This index file creates the form—that means it creates the structure where a user can input a value for the url and click a button. It is also the place where a user can see why they are on the page (Submit a link for their Google Meet):

<!DOCTYPE html>
<html>
    <head>
        <title> Meeting Bot Joiner</title>
        <link rel="stylesheet" href="style.css"/>
    </head>
    <body>
        <h1> Submit a link to your Google Meet</h1>
        <form id="meeting-form">
            <input type="text" id="url" placeholder="Insert your link here">
            <button type="submit">Submit</button>
        </form>
        <div id="status"></div>
        <script type="module" src="main.ts"></script>
    </body>
</html>

A form is useless if the information submitted goes nowhere so the following code allows us to pass something (the url) back to the backend so that some action (joining the meeting) can be taken.

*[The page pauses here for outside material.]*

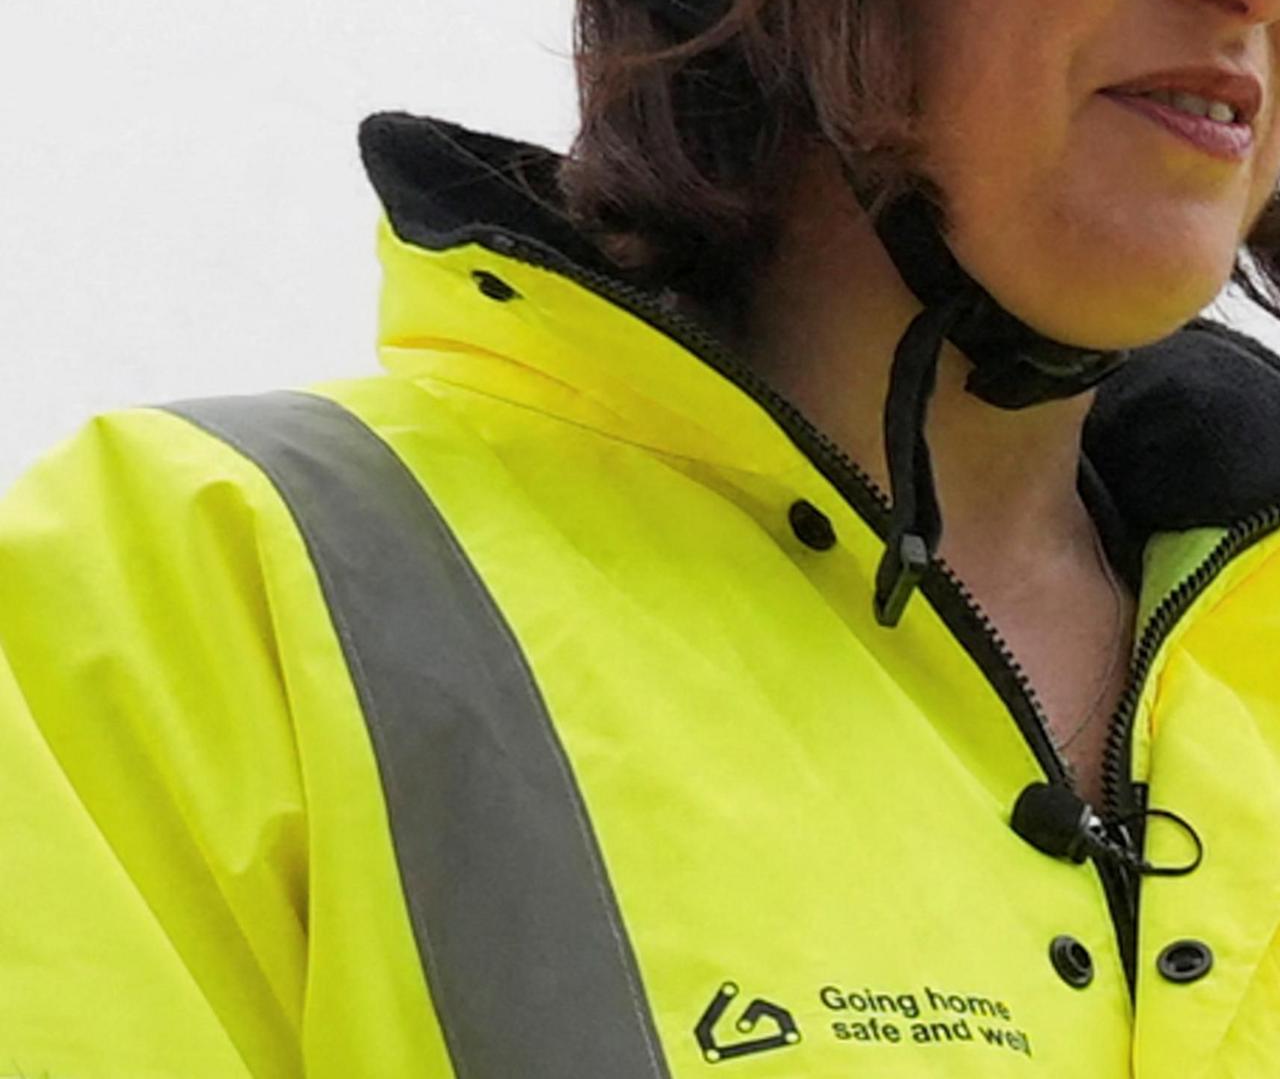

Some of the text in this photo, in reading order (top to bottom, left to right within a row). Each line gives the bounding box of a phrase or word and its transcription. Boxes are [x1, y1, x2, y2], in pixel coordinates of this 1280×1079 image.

[820, 986, 1011, 1021] Going home
[832, 1018, 901, 1043] safe
[911, 1019, 973, 1043] and

Now that we’ve got a basic frontend down, let’s move onto the backend so that we have a server up, giving the frontend something to talk to.

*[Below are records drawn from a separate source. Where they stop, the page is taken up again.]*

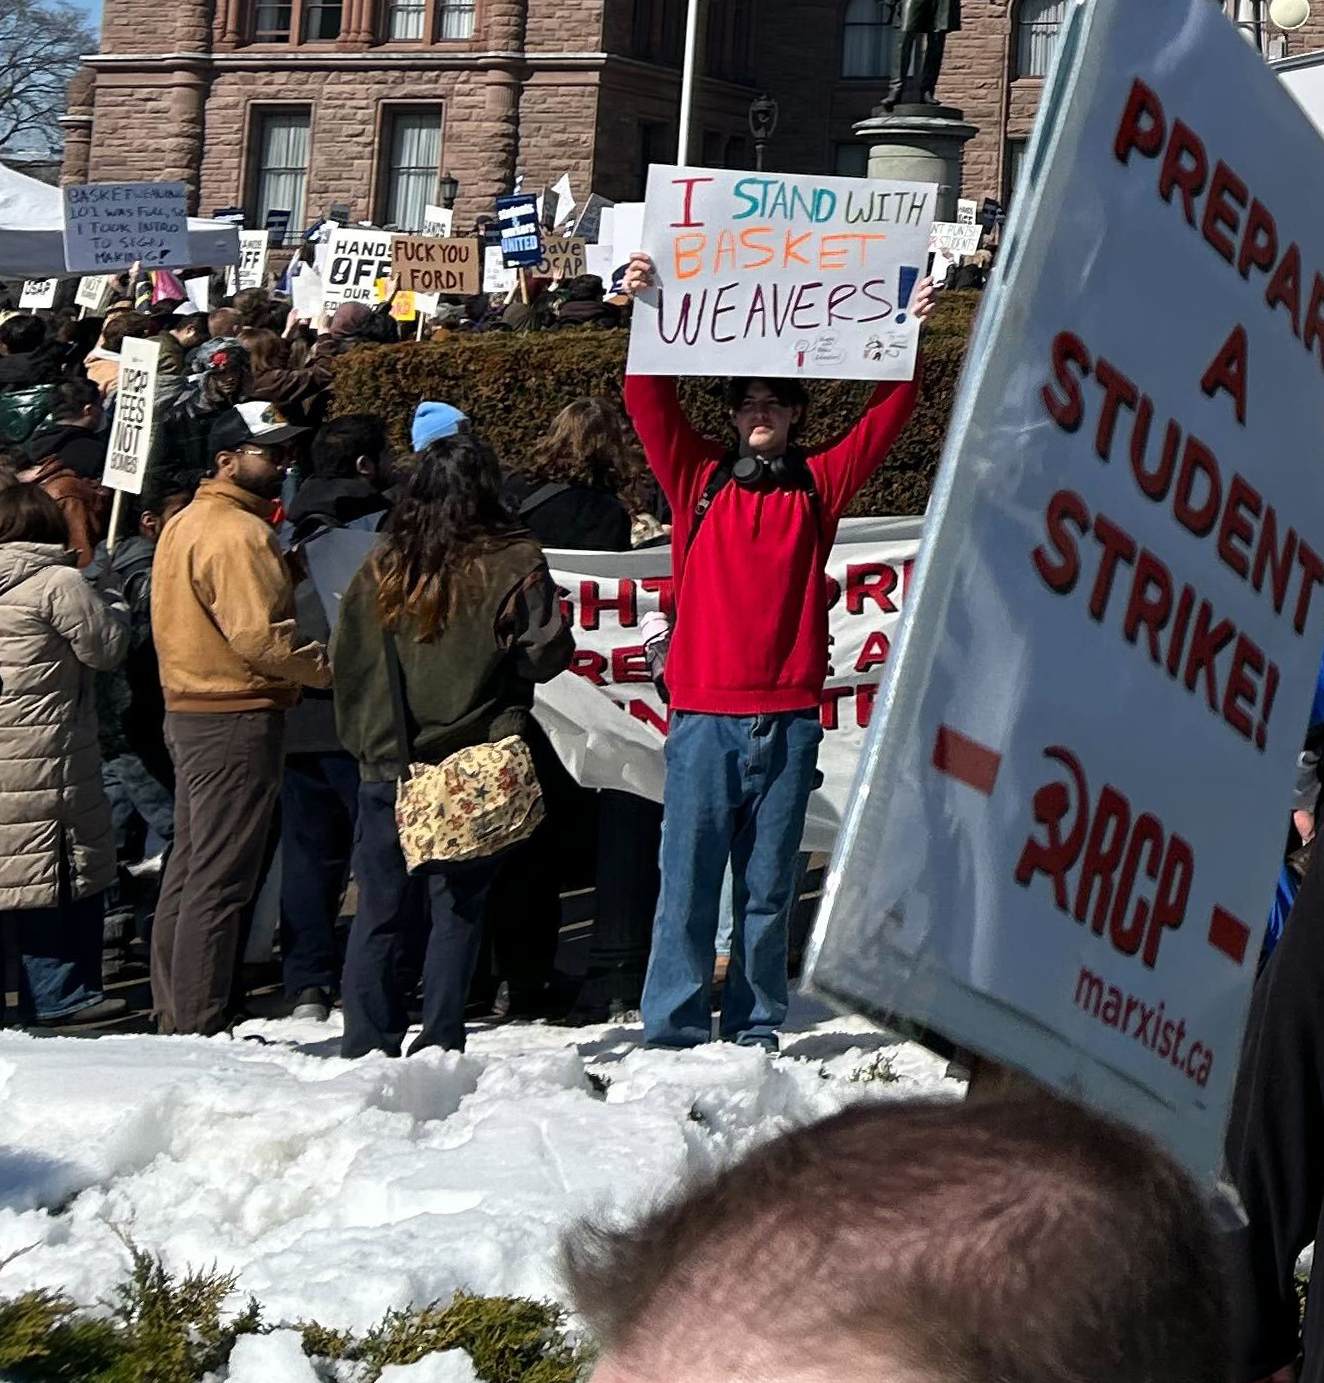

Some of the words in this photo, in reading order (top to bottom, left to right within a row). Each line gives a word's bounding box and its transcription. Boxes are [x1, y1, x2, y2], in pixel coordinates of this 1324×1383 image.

[670, 177, 714, 228] I
[732, 177, 837, 223] STAND
[844, 190, 928, 227] WITH
[92, 236, 111, 250] TO
[394, 240, 435, 263] FUCK
[437, 245, 469, 264] YOU
[501, 234, 539, 254] UNITED
[673, 227, 887, 280] BASKET
[343, 288, 370, 300] OUR
[410, 268, 465, 292] FORD!
[657, 265, 919, 345] WEAVERS!
[121, 367, 149, 395] DROP
[1200, 323, 1250, 423] A
[118, 393, 146, 424] FEES
[113, 419, 145, 456] NOT
[110, 451, 139, 475] BOMBS
[1030, 486, 1280, 754] STRIKE!
[1073, 782, 1194, 971] RCP
[1074, 966, 1214, 1089] marxist.ca

const form = document.getElementById('meeting-form') as HTMLInputElement
const input = document.getElementById('url') as HTMLInputElement
const statusElem = document.getElementById('status') as HTMLInputElement

form.addEventListener('submit', async (e) => {
    e.preventDefault()
    const url = input.value

    statusElem.innerText = "Submitting"
    try {
        const res = await fetch(`http://localhost:3000/submit-link`,{ 
            method: 'POST',
            headers: {'Content-Type': 'application/json'},
            body: JSON.stringify({url:url})
    })
    const inputText = await res.text()
    statusElem.innerText = inputText
}
    catch{
        statusElem.innerText = `Error occurred`
    }
})


  {
    margin: 0;
    padding: 0;
    box-sizing: border-box;
  }
  body {
    font-family: Arial, sans-serif;
    font-size: 16px;
    background-color: #f9f9f9;
    color: #333;
    line-height: 1.6;
    padding: 20px;
  }

  a {
    color: #007bff;
    text-decoration: none;
  }

  a:hover {
    text-decoration: underline;
  }

  h1, h2, h3, h4, h5, h6 {
    margin-bottom: 15px;
    color: #222;
  }

  p {
    margin-bottom: 15px;
  }

  button {
    padding: 10px 20px;
    background-color: #007bff;
    border: none;
    color: white;
    border-radius: 4px;
    cursor: pointer;
  }

  button:hover {
    background-color: #0056b3;
  }

  input, textarea, select {
    padding: 10px;
    margin-bottom: 15px;
    width: 100%;
    max-width: 400px;
    border: 1px solid #ccc;
    border-radius: 4px;
  }

  .container {
    max-width: 800px;
    margin: 0 auto;
  }

🛠️ Step 3: Building the entry to the backend

I’ll always start with a server.ts file when building a basic project like this. In the server.ts file I will plop all of my middleware—everything coming into and out of the backend must pass through middleware like the toll. In the case of many simply designed projects like this one you can cheat a bit and think of any instance where app.use() exists as middleware. Here CORS handles our cross-origin requests (allowing traffic from ports that are not the port the backend is running on), express.json() parses the JSON being passed, and

app.use((req, _, next) => {
    console.log(`[${req.method}] ${req.url}`);
    next();
  });

handles the logging.

At the end of this code block you’ll see app.listen() that tells our server what port to listen on. In this case, 3000. That way when traffic from the frontend is sent to port 3000, as specified here: http://localhost:3000/submit-link the backend is ready to receive requests and action them.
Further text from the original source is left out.